Please give the records below back in full, exactly as shown.

[Records drawn from a dataset]
--------------------------------------------------

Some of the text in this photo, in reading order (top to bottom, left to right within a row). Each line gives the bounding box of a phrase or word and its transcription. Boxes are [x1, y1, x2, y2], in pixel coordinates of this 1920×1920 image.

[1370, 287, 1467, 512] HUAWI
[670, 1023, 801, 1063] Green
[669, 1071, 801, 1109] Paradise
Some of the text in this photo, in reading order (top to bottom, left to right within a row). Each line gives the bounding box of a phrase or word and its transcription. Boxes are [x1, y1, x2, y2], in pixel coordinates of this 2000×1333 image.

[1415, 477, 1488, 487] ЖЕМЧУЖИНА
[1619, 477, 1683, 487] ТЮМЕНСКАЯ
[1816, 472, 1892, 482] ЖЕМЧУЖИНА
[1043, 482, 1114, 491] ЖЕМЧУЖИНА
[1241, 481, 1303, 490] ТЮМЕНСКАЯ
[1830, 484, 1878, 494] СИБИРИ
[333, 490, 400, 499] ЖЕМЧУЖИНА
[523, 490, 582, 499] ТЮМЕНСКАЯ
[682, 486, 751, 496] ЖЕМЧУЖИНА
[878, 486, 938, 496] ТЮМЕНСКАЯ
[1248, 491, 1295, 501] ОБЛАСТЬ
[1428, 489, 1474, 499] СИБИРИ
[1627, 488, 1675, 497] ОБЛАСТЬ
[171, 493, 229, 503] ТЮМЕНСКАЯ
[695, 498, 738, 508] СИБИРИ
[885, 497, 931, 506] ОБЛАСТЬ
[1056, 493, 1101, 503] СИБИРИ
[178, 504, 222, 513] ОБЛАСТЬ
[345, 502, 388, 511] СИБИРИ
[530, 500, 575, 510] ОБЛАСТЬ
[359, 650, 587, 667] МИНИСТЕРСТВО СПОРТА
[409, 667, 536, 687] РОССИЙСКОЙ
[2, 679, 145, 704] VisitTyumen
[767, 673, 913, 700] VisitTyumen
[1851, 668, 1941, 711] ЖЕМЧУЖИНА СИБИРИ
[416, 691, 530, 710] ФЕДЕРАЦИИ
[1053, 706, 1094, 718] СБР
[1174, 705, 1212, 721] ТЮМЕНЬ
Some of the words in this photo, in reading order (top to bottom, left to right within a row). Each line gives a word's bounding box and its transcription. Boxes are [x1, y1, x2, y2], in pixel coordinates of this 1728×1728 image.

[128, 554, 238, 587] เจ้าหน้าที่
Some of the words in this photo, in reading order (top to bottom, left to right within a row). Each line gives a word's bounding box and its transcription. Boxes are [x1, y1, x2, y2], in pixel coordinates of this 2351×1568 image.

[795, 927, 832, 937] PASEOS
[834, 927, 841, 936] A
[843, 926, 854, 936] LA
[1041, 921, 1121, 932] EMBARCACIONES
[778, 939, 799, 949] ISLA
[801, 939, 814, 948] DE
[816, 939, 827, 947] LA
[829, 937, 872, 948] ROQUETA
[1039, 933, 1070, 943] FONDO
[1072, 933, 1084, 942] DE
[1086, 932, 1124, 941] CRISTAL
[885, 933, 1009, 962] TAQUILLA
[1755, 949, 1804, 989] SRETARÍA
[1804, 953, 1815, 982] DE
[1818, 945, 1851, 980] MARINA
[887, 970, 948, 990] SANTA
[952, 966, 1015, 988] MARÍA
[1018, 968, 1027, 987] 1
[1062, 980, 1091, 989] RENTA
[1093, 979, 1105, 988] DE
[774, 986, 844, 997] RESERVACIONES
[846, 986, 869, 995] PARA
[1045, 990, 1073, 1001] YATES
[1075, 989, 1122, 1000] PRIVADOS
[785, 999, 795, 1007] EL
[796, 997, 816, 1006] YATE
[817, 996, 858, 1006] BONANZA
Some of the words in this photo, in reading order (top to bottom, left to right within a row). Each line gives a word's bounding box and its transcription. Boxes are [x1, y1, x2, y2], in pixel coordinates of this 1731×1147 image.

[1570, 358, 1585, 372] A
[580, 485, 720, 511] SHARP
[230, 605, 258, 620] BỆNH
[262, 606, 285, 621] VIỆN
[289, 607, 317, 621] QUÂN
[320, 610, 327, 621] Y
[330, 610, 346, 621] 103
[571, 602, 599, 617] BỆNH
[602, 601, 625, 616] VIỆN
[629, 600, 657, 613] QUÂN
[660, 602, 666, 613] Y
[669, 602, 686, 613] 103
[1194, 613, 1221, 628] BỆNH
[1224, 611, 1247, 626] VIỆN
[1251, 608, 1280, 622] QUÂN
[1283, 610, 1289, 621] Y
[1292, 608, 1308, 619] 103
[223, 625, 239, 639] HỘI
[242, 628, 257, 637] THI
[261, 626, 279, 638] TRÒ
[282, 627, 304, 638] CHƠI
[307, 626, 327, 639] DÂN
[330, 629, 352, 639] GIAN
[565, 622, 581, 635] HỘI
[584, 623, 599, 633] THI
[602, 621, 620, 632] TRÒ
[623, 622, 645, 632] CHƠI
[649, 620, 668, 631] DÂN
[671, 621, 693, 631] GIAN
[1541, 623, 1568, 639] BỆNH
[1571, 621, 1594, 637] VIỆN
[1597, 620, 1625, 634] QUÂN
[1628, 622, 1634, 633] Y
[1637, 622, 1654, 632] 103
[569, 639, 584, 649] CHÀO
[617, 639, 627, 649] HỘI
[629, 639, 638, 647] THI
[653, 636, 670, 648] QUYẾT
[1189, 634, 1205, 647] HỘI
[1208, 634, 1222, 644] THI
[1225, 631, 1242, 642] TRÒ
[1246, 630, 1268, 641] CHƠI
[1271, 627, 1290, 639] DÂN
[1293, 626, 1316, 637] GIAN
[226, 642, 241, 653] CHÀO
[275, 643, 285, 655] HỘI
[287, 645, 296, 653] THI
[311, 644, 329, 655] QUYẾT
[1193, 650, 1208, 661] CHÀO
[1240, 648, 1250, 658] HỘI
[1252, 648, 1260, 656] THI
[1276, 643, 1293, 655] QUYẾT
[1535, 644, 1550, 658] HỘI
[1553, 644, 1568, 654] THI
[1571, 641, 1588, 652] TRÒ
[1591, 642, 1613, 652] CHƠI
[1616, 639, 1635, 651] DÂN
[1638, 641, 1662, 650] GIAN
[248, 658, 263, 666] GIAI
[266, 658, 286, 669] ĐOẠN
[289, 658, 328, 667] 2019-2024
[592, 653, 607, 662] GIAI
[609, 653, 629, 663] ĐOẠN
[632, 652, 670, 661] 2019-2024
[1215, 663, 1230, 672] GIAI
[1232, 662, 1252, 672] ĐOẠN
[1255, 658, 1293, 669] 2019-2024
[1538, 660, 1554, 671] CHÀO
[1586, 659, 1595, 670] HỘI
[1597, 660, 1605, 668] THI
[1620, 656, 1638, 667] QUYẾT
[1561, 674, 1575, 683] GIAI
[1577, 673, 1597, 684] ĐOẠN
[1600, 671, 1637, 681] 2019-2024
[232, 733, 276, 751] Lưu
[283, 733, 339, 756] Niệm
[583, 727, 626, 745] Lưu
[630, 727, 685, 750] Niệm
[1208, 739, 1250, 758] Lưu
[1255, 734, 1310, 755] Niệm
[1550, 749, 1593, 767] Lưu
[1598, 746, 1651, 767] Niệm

--------------------------------------------------

SOLUTION TO THIS TASK —
Some of the text in this photo, in reading order (top to bottom, left to right within a row). Each line gives the bounding box of a phrase or word and its transcription. Boxes are [x1, y1, x2, y2], in pixel coordinates of this 1920×1920 image.

[1370, 287, 1467, 512] HUAWI
[670, 1023, 801, 1063] Green
[669, 1071, 801, 1109] Paradise
Some of the text in this photo, in reading order (top to bottom, left to right within a row). Each line gives the bounding box of a phrase or word and its transcription. Boxes are [x1, y1, x2, y2], in pixel coordinates of this 2000×1333 image.

[1415, 477, 1488, 487] ЖЕМЧУЖИНА
[1619, 477, 1683, 487] ТЮМЕНСКАЯ
[1816, 472, 1892, 482] ЖЕМЧУЖИНА
[1043, 482, 1114, 491] ЖЕМЧУЖИНА
[1241, 481, 1303, 490] ТЮМЕНСКАЯ
[1830, 484, 1878, 494] СИБИРИ
[333, 490, 400, 499] ЖЕМЧУЖИНА
[523, 490, 582, 499] ТЮМЕНСКАЯ
[682, 486, 751, 496] ЖЕМЧУЖИНА
[878, 486, 938, 496] ТЮМЕНСКАЯ
[1248, 491, 1295, 501] ОБЛАСТЬ
[1428, 489, 1474, 499] СИБИРИ
[1627, 488, 1675, 497] ОБЛАСТЬ
[171, 493, 229, 503] ТЮМЕНСКАЯ
[695, 498, 738, 508] СИБИРИ
[885, 497, 931, 506] ОБЛАСТЬ
[1056, 493, 1101, 503] СИБИРИ
[178, 504, 222, 513] ОБЛАСТЬ
[345, 502, 388, 511] СИБИРИ
[530, 500, 575, 510] ОБЛАСТЬ
[359, 650, 587, 667] МИНИСТЕРСТВО СПОРТА
[409, 667, 536, 687] РОССИЙСКОЙ
[2, 679, 145, 704] VisitTyumen
[767, 673, 913, 700] VisitTyumen
[1851, 668, 1941, 711] ЖЕМЧУЖИНА СИБИРИ
[416, 691, 530, 710] ФЕДЕРАЦИИ
[1053, 706, 1094, 718] СБР
[1174, 705, 1212, 721] ТЮМЕНЬ
Some of the words in this photo, in reading order (top to bottom, left to right within a row). Each line gives a word's bounding box and its transcription. Boxes are [x1, y1, x2, y2], in pixel coordinates of this 1728×1728 image.

[128, 554, 238, 587] เจ้าหน้าที่
Some of the words in this photo, in reading order (top to bottom, left to right within a row). Each line gives a word's bounding box and its transcription. Boxes are [x1, y1, x2, y2], in pixel coordinates of this 2351×1568 image.

[795, 927, 832, 937] PASEOS
[834, 927, 841, 936] A
[843, 926, 854, 936] LA
[1041, 921, 1121, 932] EMBARCACIONES
[778, 939, 799, 949] ISLA
[801, 939, 814, 948] DE
[816, 939, 827, 947] LA
[829, 937, 872, 948] ROQUETA
[1039, 933, 1070, 943] FONDO
[1072, 933, 1084, 942] DE
[1086, 932, 1124, 941] CRISTAL
[885, 933, 1009, 962] TAQUILLA
[1755, 949, 1804, 989] SRETARÍA
[1804, 953, 1815, 982] DE
[1818, 945, 1851, 980] MARINA
[887, 970, 948, 990] SANTA
[952, 966, 1015, 988] MARÍA
[1018, 968, 1027, 987] 1
[1062, 980, 1091, 989] RENTA
[1093, 979, 1105, 988] DE
[774, 986, 844, 997] RESERVACIONES
[846, 986, 869, 995] PARA
[1045, 990, 1073, 1001] YATES
[1075, 989, 1122, 1000] PRIVADOS
[785, 999, 795, 1007] EL
[796, 997, 816, 1006] YATE
[817, 996, 858, 1006] BONANZA
Some of the words in this photo, in reading order (top to bottom, left to right within a row). Each line gives a word's bounding box and its transcription. Boxes are [x1, y1, x2, y2], in pixel coordinates of this 1731×1147 image.

[1570, 358, 1585, 372] A
[580, 485, 720, 511] SHARP
[230, 605, 258, 620] BỆNH
[262, 606, 285, 621] VIỆN
[289, 607, 317, 621] QUÂN
[320, 610, 327, 621] Y
[330, 610, 346, 621] 103
[571, 602, 599, 617] BỆNH
[602, 601, 625, 616] VIỆN
[629, 600, 657, 613] QUÂN
[660, 602, 666, 613] Y
[669, 602, 686, 613] 103
[1194, 613, 1221, 628] BỆNH
[1224, 611, 1247, 626] VIỆN
[1251, 608, 1280, 622] QUÂN
[1283, 610, 1289, 621] Y
[1292, 608, 1308, 619] 103
[223, 625, 239, 639] HỘI
[242, 628, 257, 637] THI
[261, 626, 279, 638] TRÒ
[282, 627, 304, 638] CHƠI
[307, 626, 327, 639] DÂN
[330, 629, 352, 639] GIAN
[565, 622, 581, 635] HỘI
[584, 623, 599, 633] THI
[602, 621, 620, 632] TRÒ
[623, 622, 645, 632] CHƠI
[649, 620, 668, 631] DÂN
[671, 621, 693, 631] GIAN
[1541, 623, 1568, 639] BỆNH
[1571, 621, 1594, 637] VIỆN
[1597, 620, 1625, 634] QUÂN
[1628, 622, 1634, 633] Y
[1637, 622, 1654, 632] 103
[569, 639, 584, 649] CHÀO
[617, 639, 627, 649] HỘI
[629, 639, 638, 647] THI
[653, 636, 670, 648] QUYẾT
[1189, 634, 1205, 647] HỘI
[1208, 634, 1222, 644] THI
[1225, 631, 1242, 642] TRÒ
[1246, 630, 1268, 641] CHƠI
[1271, 627, 1290, 639] DÂN
[1293, 626, 1316, 637] GIAN
[226, 642, 241, 653] CHÀO
[275, 643, 285, 655] HỘI
[287, 645, 296, 653] THI
[311, 644, 329, 655] QUYẾT
[1193, 650, 1208, 661] CHÀO
[1240, 648, 1250, 658] HỘI
[1252, 648, 1260, 656] THI
[1276, 643, 1293, 655] QUYẾT
[1535, 644, 1550, 658] HỘI
[1553, 644, 1568, 654] THI
[1571, 641, 1588, 652] TRÒ
[1591, 642, 1613, 652] CHƠI
[1616, 639, 1635, 651] DÂN
[1638, 641, 1662, 650] GIAN
[248, 658, 263, 666] GIAI
[266, 658, 286, 669] ĐOẠN
[289, 658, 328, 667] 2019-2024
[592, 653, 607, 662] GIAI
[609, 653, 629, 663] ĐOẠN
[632, 652, 670, 661] 2019-2024
[1215, 663, 1230, 672] GIAI
[1232, 662, 1252, 672] ĐOẠN
[1255, 658, 1293, 669] 2019-2024
[1538, 660, 1554, 671] CHÀO
[1586, 659, 1595, 670] HỘI
[1597, 660, 1605, 668] THI
[1620, 656, 1638, 667] QUYẾT
[1561, 674, 1575, 683] GIAI
[1577, 673, 1597, 684] ĐOẠN
[1600, 671, 1637, 681] 2019-2024
[232, 733, 276, 751] Lưu
[283, 733, 339, 756] Niệm
[583, 727, 626, 745] Lưu
[630, 727, 685, 750] Niệm
[1208, 739, 1250, 758] Lưu
[1255, 734, 1310, 755] Niệm
[1550, 749, 1593, 767] Lưu
[1598, 746, 1651, 767] Niệm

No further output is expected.